I have managed to get my head round minitoc, which now appears to be working well with memoir. At this stage, I need and would welcome opinions on possible layouts and how to achieve them. This is a twoside document, in which I'm facing four choices:
- The "standard" way: Part page on recto, blank verso, Part contents on next recto, first Chapter on next recto
- The "standard, less wasteful" way: Part page on recto, Part contents on next verso, first Chapter on next recto
- The "compact" way: Part page on recto, Part contents on same recto below the part title
- The "inverted" way Part page on recto, Part contents on previous verso (facing the part title)

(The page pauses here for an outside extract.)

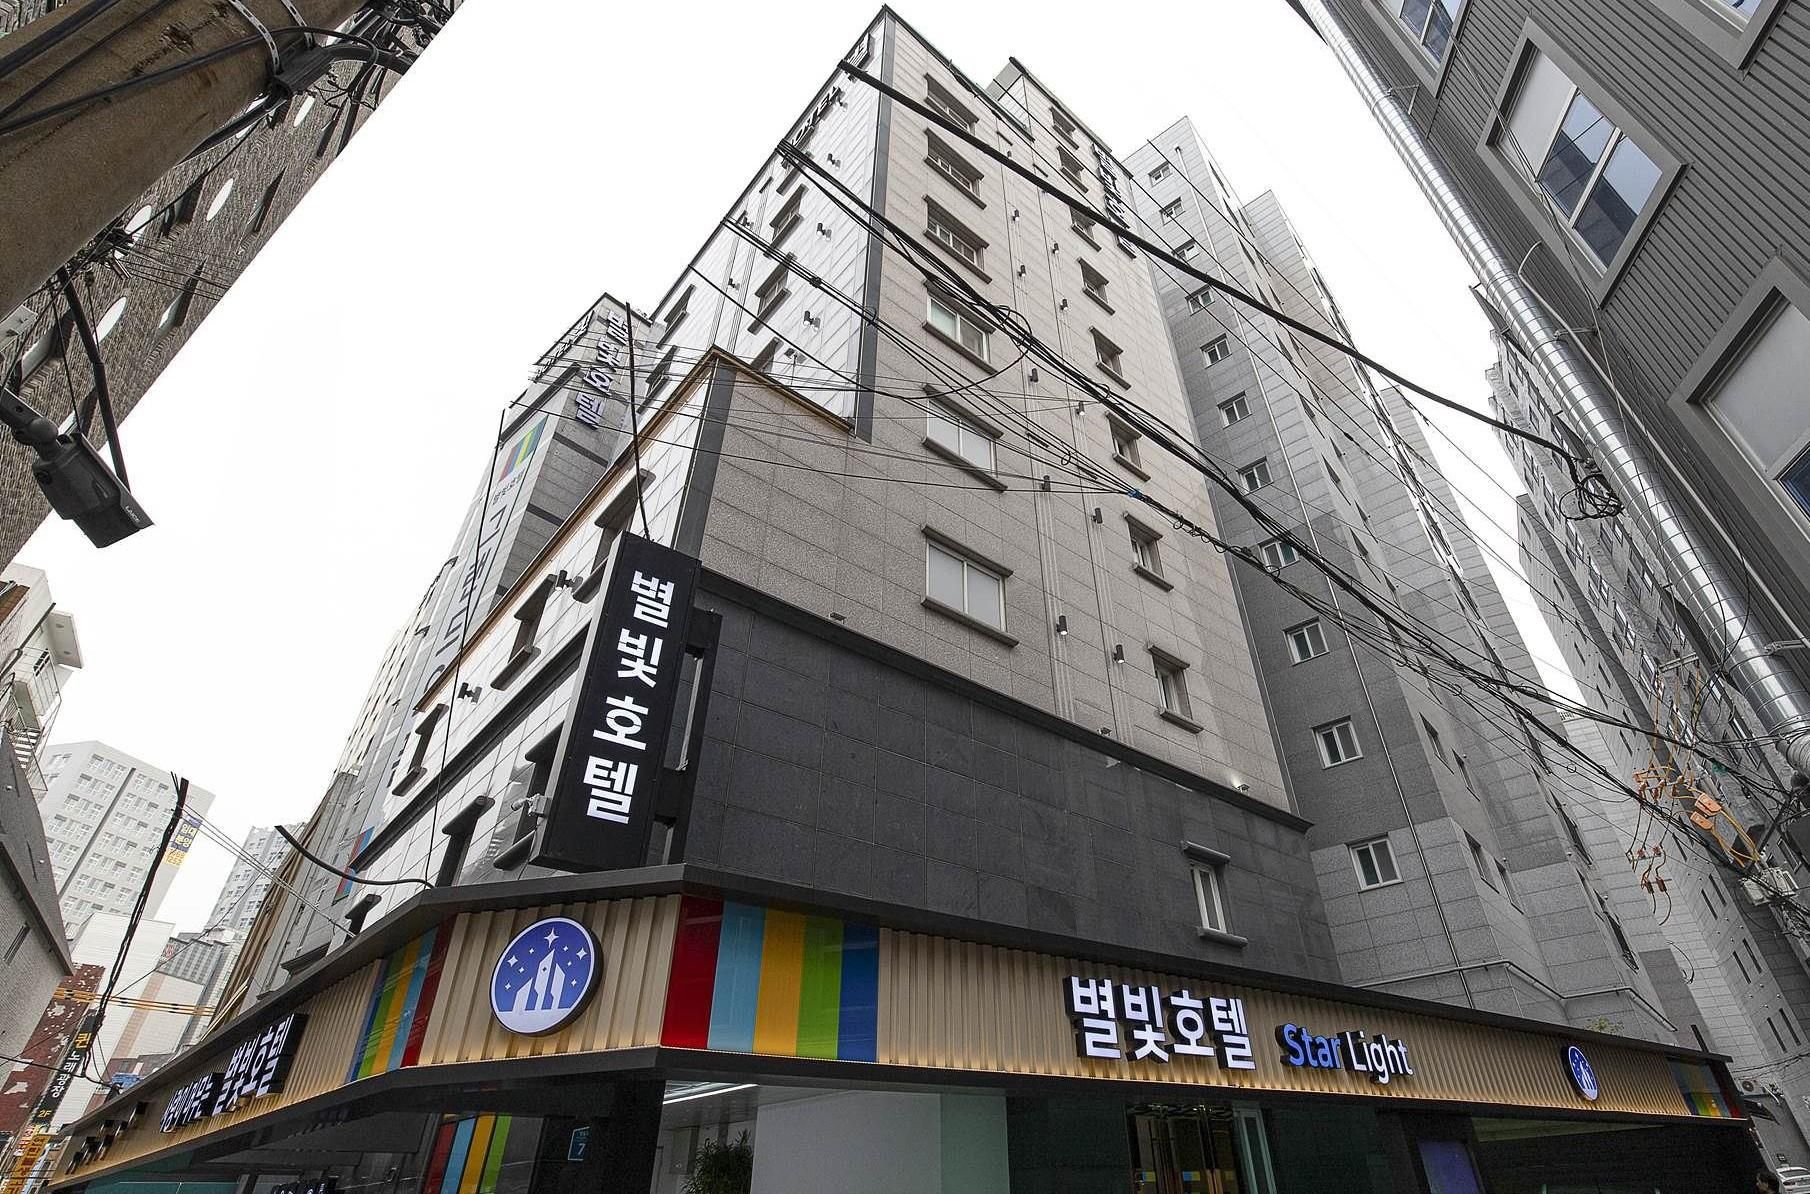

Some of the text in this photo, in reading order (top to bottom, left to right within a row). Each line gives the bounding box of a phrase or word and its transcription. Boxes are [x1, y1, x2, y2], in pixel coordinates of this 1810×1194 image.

By tweaking the parameters, I've managed to do all of these, and the one I like best is the inverted one. It takes advantage of an otherwise wasted page; it doesn't distract from the flow; and it's there if you need it.
There is, however, a poisonous interaction with \mainmatter, which does a \cleardoublepage; this in turn compounds with my cleartoverso to provide a minimum of two blank pages before the first Part. I can avoid this by removing \frontmatter and \mainmatter, but I'm not sure this is a good idea.
A second choice is the compact one. The partial toc is small enough to fit after the part title (though it needs some tweaking of beforepartskip to stop the title text bobbing up and down on the page).
I'd like to hear arguments in favour of, or against, my preference (or any of the options described), and/or ideas for solving the \mainmatter dilemma.
Following lockstep's answer, I can see more merit in the compact choice, with a page-number-less parttoc.
Final answer: I have accepted lockstep's answer. I'm using the compact option, but with page numbers. Thanks, lockstep!